I wish I could be there when Hudson transfers to another university and they ask cautiously, “Can you tell us about this administrative dismissal?” and Hudson says, “Yes, I drank one time when I was 21” followed by howling laughter from any sane school administrator. They’d probably congratulate him for being the only student who got in trouble for drinking when of-age EVER at that school.

The Double Standard

Of course, possession or use of alcohol is prohibited at Cedarville University, but it is by no means a zero-tolerance policy. In the section that addresses alcohol, the handbook says, “Violations of these guidelines may result in dismissal.” (p. 16, emphasis added) This is an incredibly vague statement and could apply to any violation of the handbook. A more specific section of the handbook is possession of firearms, which states that disciplinary action up to dismissal is possible and includes fines and specific regulations regarding what is allowable on campus. The disciplinary process for alcohol use and possession is not made clear, and even after his dismissal, Hudson discovered a final level of appeal on his own without being made aware by the University, which was a direct appeal to the Presidential Cabinet.
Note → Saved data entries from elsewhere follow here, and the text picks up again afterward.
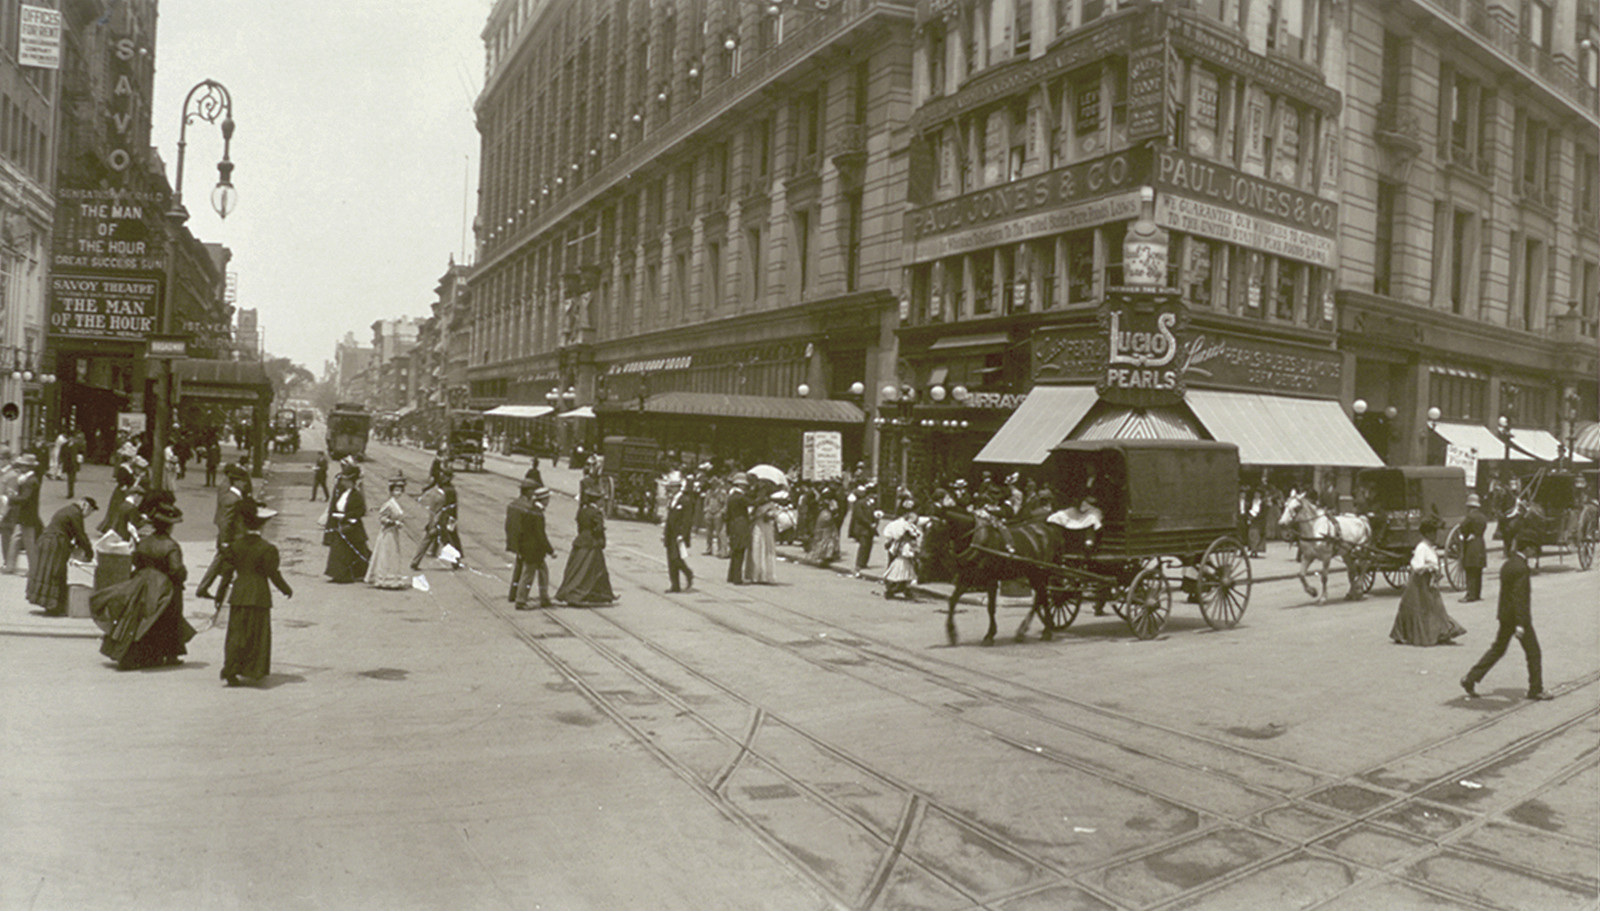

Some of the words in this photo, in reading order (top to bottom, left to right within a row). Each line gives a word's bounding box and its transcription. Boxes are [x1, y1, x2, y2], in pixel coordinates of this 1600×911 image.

[23, 8, 60, 25] OFFICES
[23, 23, 38, 35] FOR
[39, 25, 58, 38] RENT
[912, 204, 962, 238] PAUL
[966, 177, 1049, 222] JONES
[1058, 170, 1076, 199] &
[1086, 156, 1132, 191] CO.
[1158, 153, 1219, 197] PAUL
[1223, 174, 1291, 218] JONES
[1293, 196, 1306, 222] &
[1310, 201, 1334, 231] CO.
[80, 204, 108, 218] THE
[111, 206, 142, 219] MAN
[1110, 199, 1136, 217] Laws
[1179, 198, 1233, 225] GUARANTEE
[1235, 214, 1251, 230] OUR
[98, 223, 118, 236] OF
[1168, 211, 1180, 226] TO
[1181, 214, 1198, 231] THE
[1200, 219, 1231, 238] UNITED
[1232, 226, 1262, 248] STATES
[79, 239, 104, 253] THE
[108, 241, 146, 254] HOUR
[55, 255, 88, 265] GREAT
[91, 257, 137, 269] SUCCESS
[53, 280, 99, 291] SAVOY
[102, 282, 155, 294] THEATRE
[105, 300, 145, 315] MAN
[51, 313, 71, 326] OF
[74, 313, 106, 328] THE
[1107, 368, 1177, 389] PEARLS
No statement is made that its alcohol policy is “zero-tolerance” meaning automatic dismissal. If you ask me, I think I know why. For students like Hudson, he contributed greatly to the culture of Cedarville through his service and commitment to community. But when the entire soccer team got busted at a 21st birthday party, they got off scot-free. “But Cedarville Interpreter, they got put on probation.” Wow! That means absolutely nothing! That means no drinking if they’d get caught, or maybe holding off until probation is over.

@ the Cedarville Soccer Team

My question is what is the difference between Hudson and the soccer team? Ah, the soccer team is viewed as an asset by the administration. They make Cedarville marketable to incoming students because “We’re a real school with real sports!” They also bring money to the school through sponsorships and funding. Because of this, they get off with a slap on the wrist while Hudson is dismissed, treated like a nameless face on a Campus Security report.

I know personally of multiple individuals who have been caught with alcohol who were not dismissed. The difference? They had connections at the school.

Cedarville’s double standard in this area–as in so many other areas of disciplinary action–is sickening.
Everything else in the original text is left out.